【藩名】
淀藩
【説明】
淀藩の藩主家稲葉氏は10万2,000石という大領ではあったが、その所領は山城のほかに摂津・河内・近江・下総・越後などの多方面に分散しており、山城にあった所領は2万石にも満たなかったと伝わります。このため、藩政においても財政は苦しかったです。

第7代藩主「稲葉正諶」は、天明4年(1784年)に越後の所領を和泉や近江に移したが、これにより所領10万2,000石は7カ国に分散することとなり、全くの逆効果を招きました。
幕末の淀藩主「稲葉正邦」は幕末期の動乱の中で老中を2度務め、「板倉勝静」や「小笠原長行」らと共に幕府に貢献した人物です。しかし正邦の江戸詰め中に「戊辰戦争」の「鳥羽・伏見の戦い」が勃発し、旧幕府軍が朝廷によって朝敵とされたため、淀城代は敗走する旧幕府軍を城内に入れませんでした。これが「鳥羽・伏見の戦い」における旧幕府軍の敗北の一因とも言われています。

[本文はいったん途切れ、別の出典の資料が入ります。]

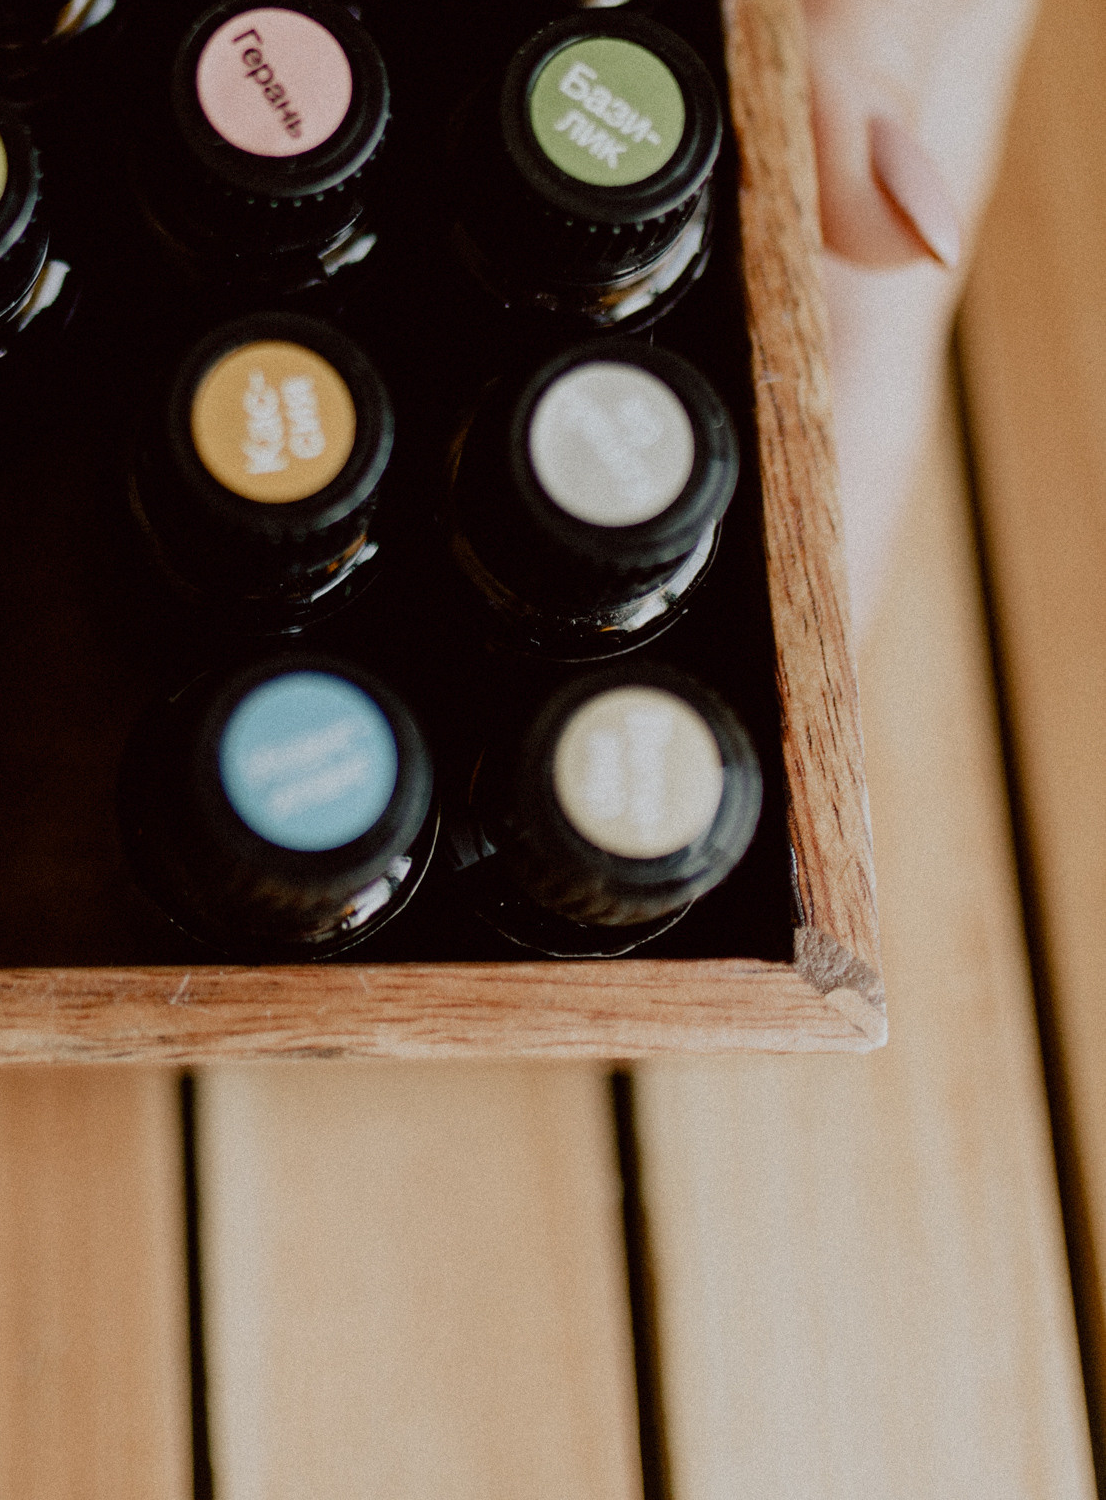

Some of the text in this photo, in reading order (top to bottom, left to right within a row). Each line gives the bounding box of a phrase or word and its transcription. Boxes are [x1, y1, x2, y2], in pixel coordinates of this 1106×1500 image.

正邦は旧幕府瓦解時の老中であったため、新政府の命令で同年3月に謹慎処分となったが、閏4月には許されて京都警備を任されています。翌年の「版籍奉還」により淀藩知事となり、1871年(明治4年)の「廃藩置県」で免官されました。淀藩は廃藩となり、その所領は各近辺の府県に組み込まれることとなりました。
城を閉ざしたとき、藩主は江戸にいました
まず押さえておきたいのは、慶応四年正月に旧幕府軍を淀城へ入れなかったのは、藩主・稲葉正邦の判断ではないという点です。正邦はこのとき江戸にいて、しかも老中の職にありました。正月五日、淀堤の隘路である千両松で旧幕府軍は激戦のすえ敗れ、新選組も近代的な砲火で大きな損害を出します。その敗兵が淀城に籠もろうとして、拒まれました。この兵火で城下町と城内の一部が焼けています。
拒んだのは誰か、二つの説があります
門を閉ざしたのが誰だったのかは、資料によって分かれます。ひとつは留守居役の田辺治之助だったという説で、城代家老の田辺権太夫は江戸にいたため、その弟である治之助が判断した、治之助はのちに切腹した、というものです。もうひとつは家老の八太監物が門前で拒否を告げたという説で、淀藩士の子孫が伝えた『京地変動淀大軍実録』にもとづきます。この記録によれば、入城を求めたのは大目付の滝川具挙で、八太は何人たりとも城中に入れるわけにはいかないと答えました。八太監物が実在の重臣だったことは、京都市の埋蔵文化財の調査資料が幕末の淀藩で千石以上の藩士として名を挙げていることから裏づけられます。同じ調査では、家老屋敷の跡から焼けた瓦や土壁、溶けた陶磁器やガラスを含む土坑が見つかっており、鳥羽伏見の火災を城跡で面として確認した初めての例とされています。
そもそも、すれ違いがあったようです
『京地変動淀大軍実録』はもう少し込み入った経緯を伝えます。開戦の一か月前、幕府が淀城の使用を申し入れたところ、留守を預かる家老は藩主が不在であることを理由に断り、かわりに城から百メートルほど離れた藩の建物を貸しました。旧幕府側はこれを、いざとなれば城も使えるという意味に受け取り、以後の連絡を怠ります。正月四日の藩士の記録には、戦が始まって大変動が起きているのに徳川殿から何のお達しもない、という不信が書き残されています。
このとき、淀城に天守はありません
淀城は元和九年に松平定綱が築きはじめ、寛永二年にほぼ完成しました。天守は二条城の天守を移した五重五階の望楼型でしたが、宝暦六年の落雷で天守と建物の大半が焼け、天守も本丸御殿も再建されませんでした。つまり幕末の淀城に天守はありません。いま残るのは天守台と本丸の石垣、内堀の一部で、京都府の教育委員会は京都近郊に唯一残る近世城郭と位置づけています。本丸跡には明治三十五年六月に與杼神社が移ってきました。その拝殿は慶長十二年の再建で、昭和四十六年六月二十二日に国の重要文化財となっています。城の西と北には直径九間、およそ十六メートルの水車が二基あり、淀の川瀬の水車と歌に詠まれました。